Copy every entry exactly, but skip the pictures.

● ENTRIES SHOWN
-=-=-=-=-

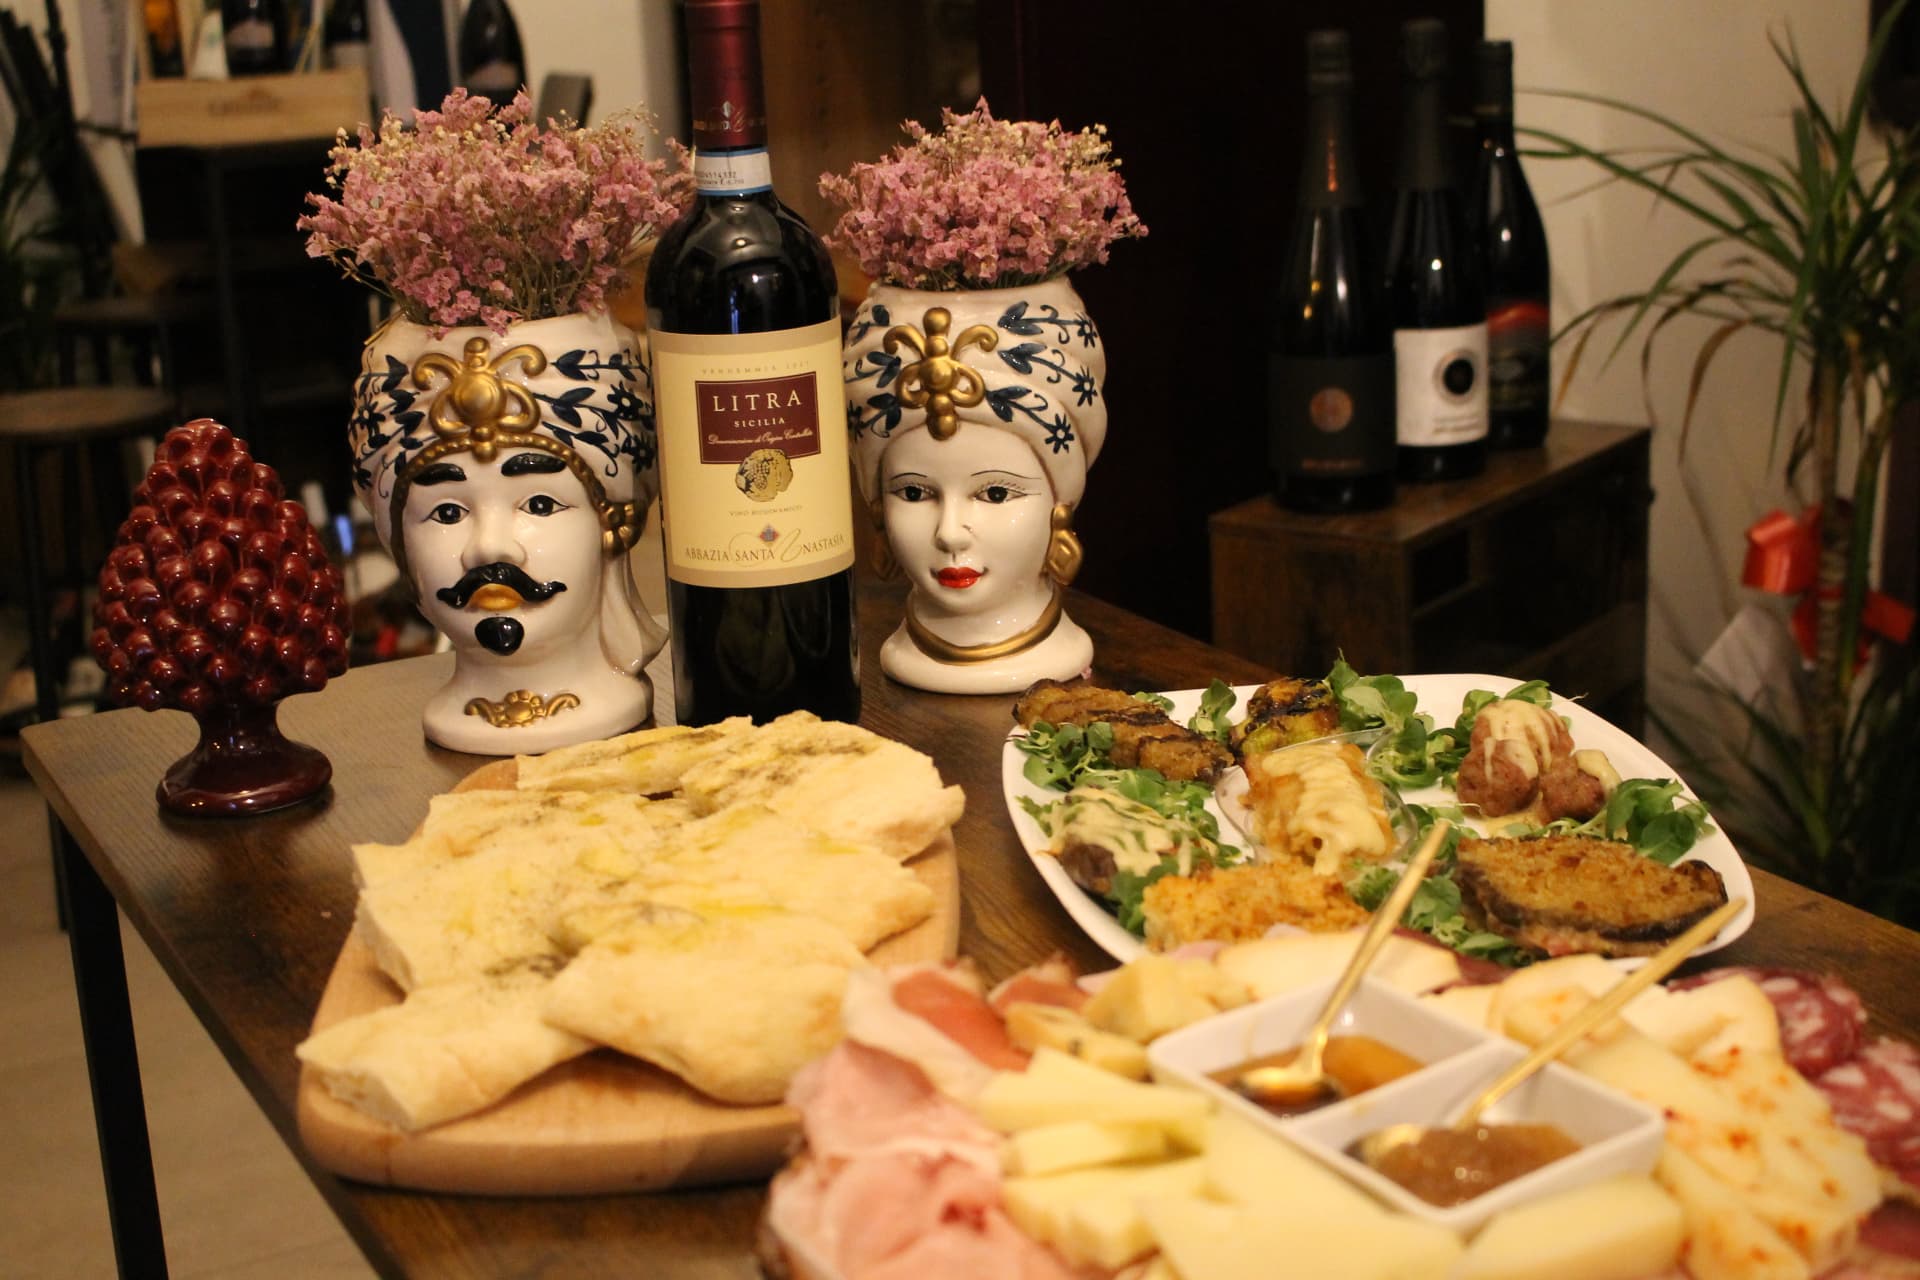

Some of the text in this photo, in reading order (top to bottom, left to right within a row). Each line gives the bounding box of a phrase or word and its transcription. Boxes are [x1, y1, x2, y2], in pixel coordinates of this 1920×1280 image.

[713, 390, 802, 412] LITRA
[734, 417, 785, 427] SICILIA
[685, 547, 730, 562] ABBAZIA
[735, 549, 775, 562] SANTA
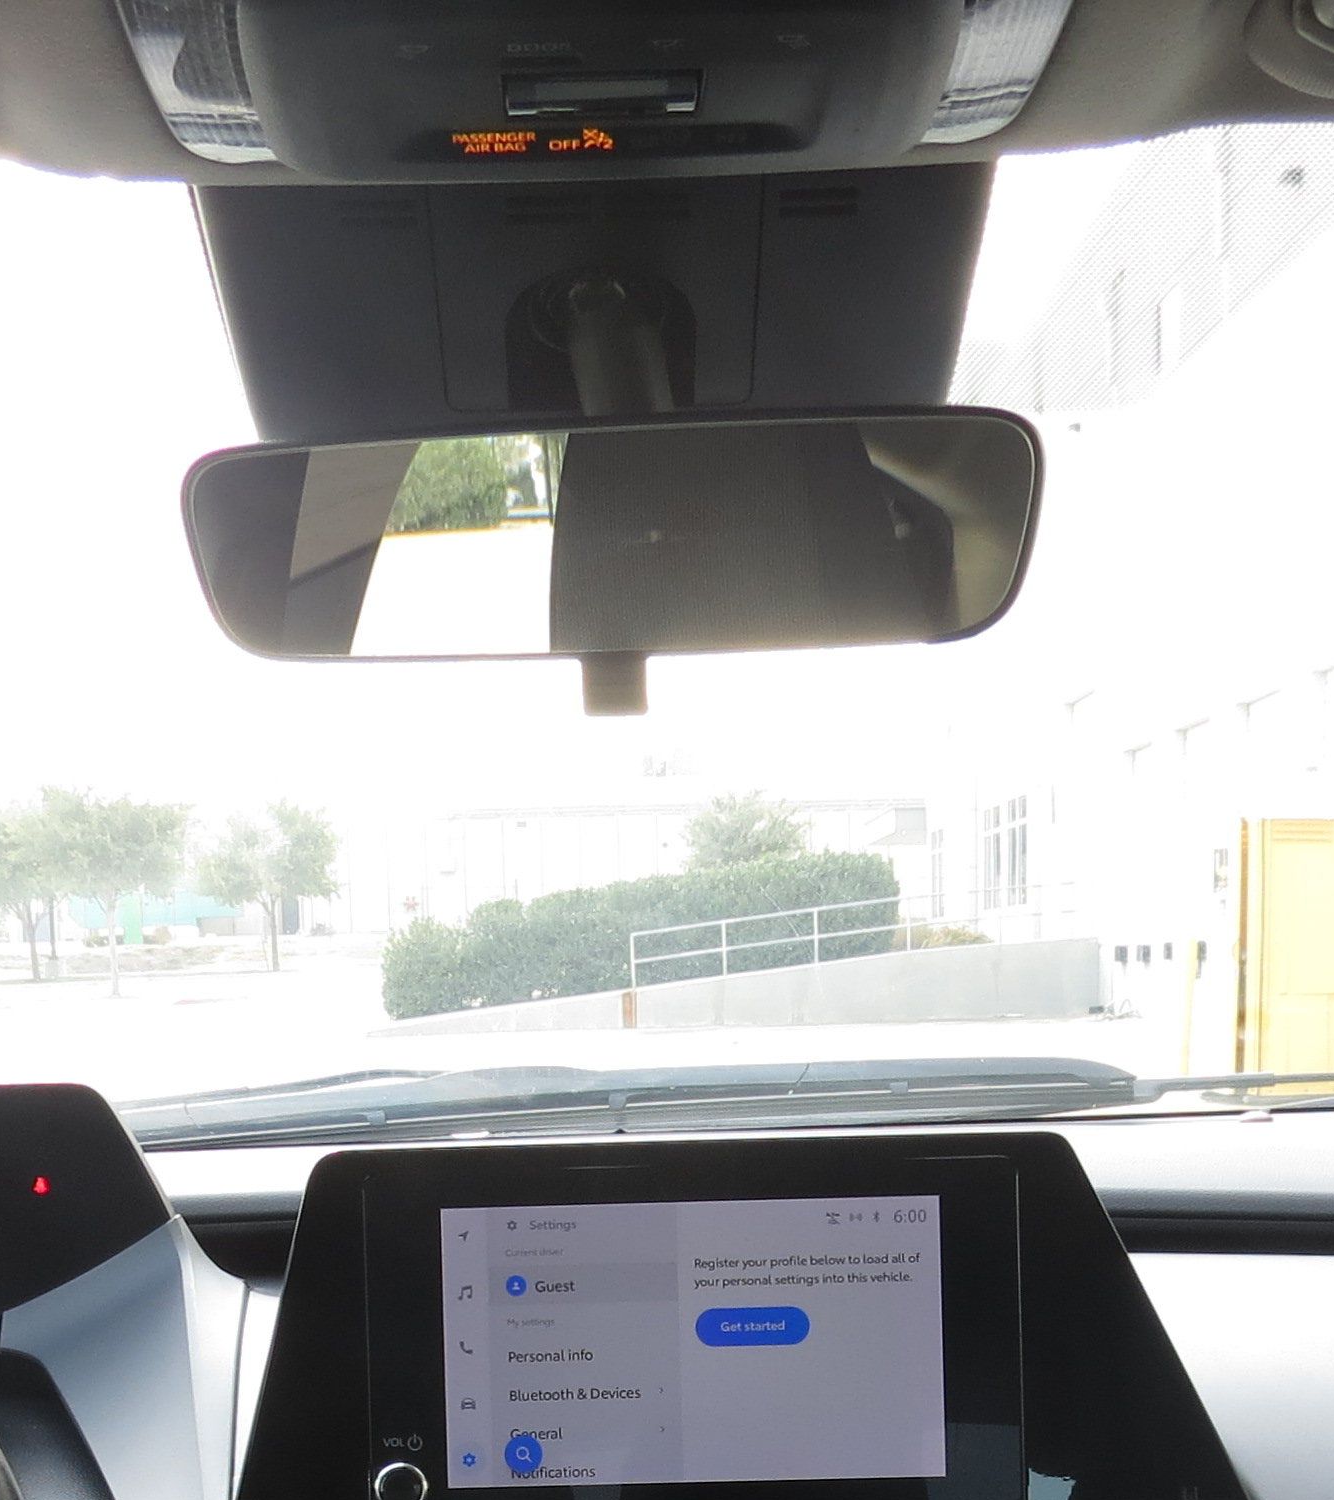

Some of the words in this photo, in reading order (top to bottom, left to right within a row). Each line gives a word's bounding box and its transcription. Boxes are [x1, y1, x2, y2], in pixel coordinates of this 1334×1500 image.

-=-=-=-=-

● SOLUTION
Some of the text in this photo, in reading order (top to bottom, left to right within a row). Each line gives the bounding box of a phrase or word and its transcription. Boxes are [x1, y1, x2, y2], in pixel coordinates of this 1920×1280 image.

[713, 390, 802, 412] LITRA
[734, 417, 785, 427] SICILIA
[685, 547, 730, 562] ABBAZIA
[735, 549, 775, 562] SANTA

Some of the words in this photo, in reading order (top to bottom, left to right within a row). Each line gives a word's bounding box and its transcription. Boxes are [x1, y1, x2, y2], in pixel coordinates of this 1334×1500 image.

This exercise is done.